The decision of where to build a new facility is often approached by minimizing travel time from a certain catchment or service area,
e.g. In an area where the nearest hospital is an unacceptably long drive away, we may want to locate a hospital there.
but where should we put it to best serve the residents in the area and minimize overall travel time for the area?
We can do this using Euclidean distance.
Better to use travel time.

15. Location-Allocation Problems
This class of problems in known as location-allocation problems, and solving them usually involves choosing locations for services, and allocating demand to them to achieve specified goals
Those goals might include:
minimizing total distance traveled
minimizing the largest distance traveled by any customer
maximizing profits
minimizing a combination of travel distance and facility operating cost

16. Routing Problems
Another type of optimization problems is known as routing problems:
Suppose we have a set of locations we need to visit, and we want to find the optimum route to travel to minimize travel time.
The ‘traveling salesman problem’ is just this sort of problem:
Find the shortest tour from an origin, through a set of destinations, that returns back to the origin.

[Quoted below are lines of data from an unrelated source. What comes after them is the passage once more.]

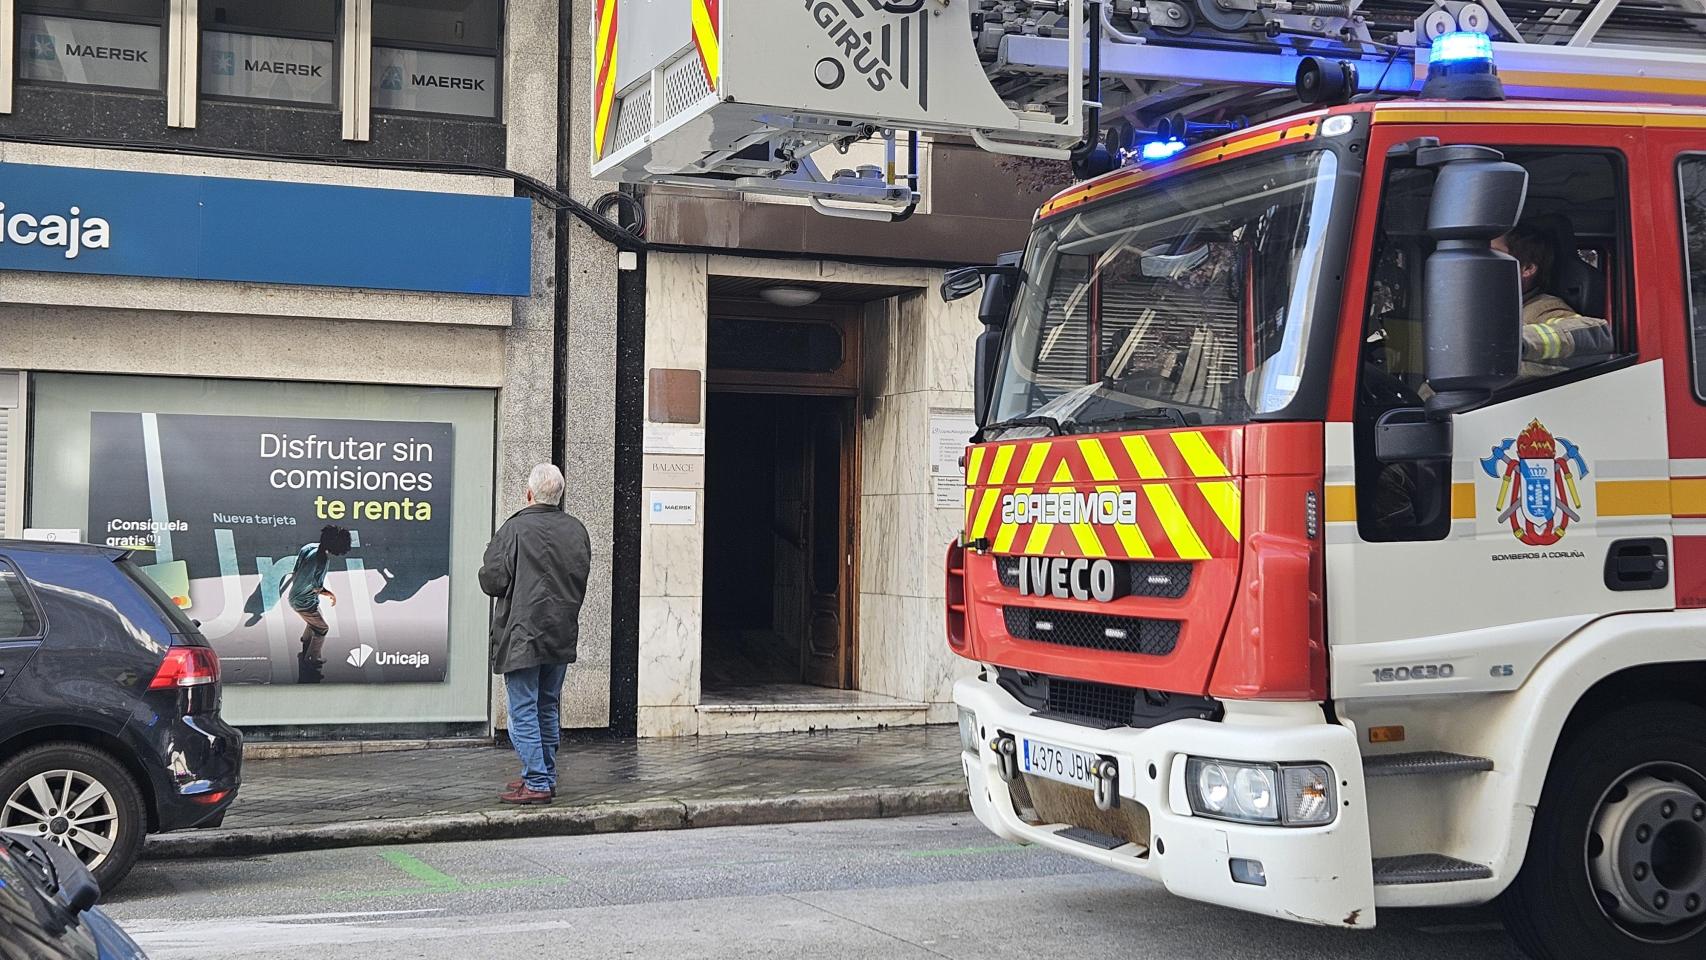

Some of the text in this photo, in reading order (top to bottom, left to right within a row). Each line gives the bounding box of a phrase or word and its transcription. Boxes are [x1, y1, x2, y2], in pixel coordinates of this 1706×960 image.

[65, 43, 148, 63] MAERSK
[244, 58, 323, 78] MAERSK
[411, 74, 486, 92] MAERSK
[260, 433, 433, 462] Disfrutar sin
[652, 463, 694, 471] BALANCE
[269, 466, 433, 491] comisiones
[314, 495, 432, 521] te renta
[107, 518, 188, 533] ¡Consíguela
[213, 512, 297, 527] Nueva tarjeta
[1491, 552, 1540, 561] BOMBEROS
[1549, 550, 1585, 559] CORUÑA
[1019, 556, 1115, 603] IVECO
[375, 651, 430, 668] Unicaja
[1032, 744, 1064, 776] 4376

17. Routing service technicians for Schindler Elevator: Every day this company’s service crews must visit a different set of locations in Los Angeles.
GIS is used to partition the day’s workload among the crews and trucks (color coding) and to optimize the route to minimize time and cost.

18. Optimum Paths
Another sort of optimization problem is encountered when we have a known origin and destination, and we need to find the best route between the two, given data that describes the ‘cost’ of taking various paths
The goal is to find the best path across a continuous cost surface
The goal is to minimize total cost
The cost may combine construction, environmental impact, land acquisition, and operating costs
This is used to locate highways, power lines, pipelines
It requires a raster representation
(Finding the optimal route between two locations on a vector road network is a related sort of problem)

19. Least-Cost Path Example
The figure to the left shows the solution of a least-cost path problem:
The white line represents the optimum solution, or path of least total cost, across a friction surface represented as a raster layer
The area is dominated by a mountain range, and cost in this example is determined by elevation and slope
The best route uses a narrow pass through the range. The blue line results from solving the same problem using a coarser raster

20. 6. Hypothesis Testing
Hypothesis testing is a recognized branch of statistics.
We collect data and test relationships between variables, such as:
Respiratory disease and distance from polluting factories.
Distance from power lines and brain cancer incidence.
Do more wildlife survive when greater than a mile from regular human activity?
Do the restaurants of a chain located in higher income areas bring in more revenue?
What combination of soil type, climatic conditions, and fertilizer use generally produce the highest crop yield?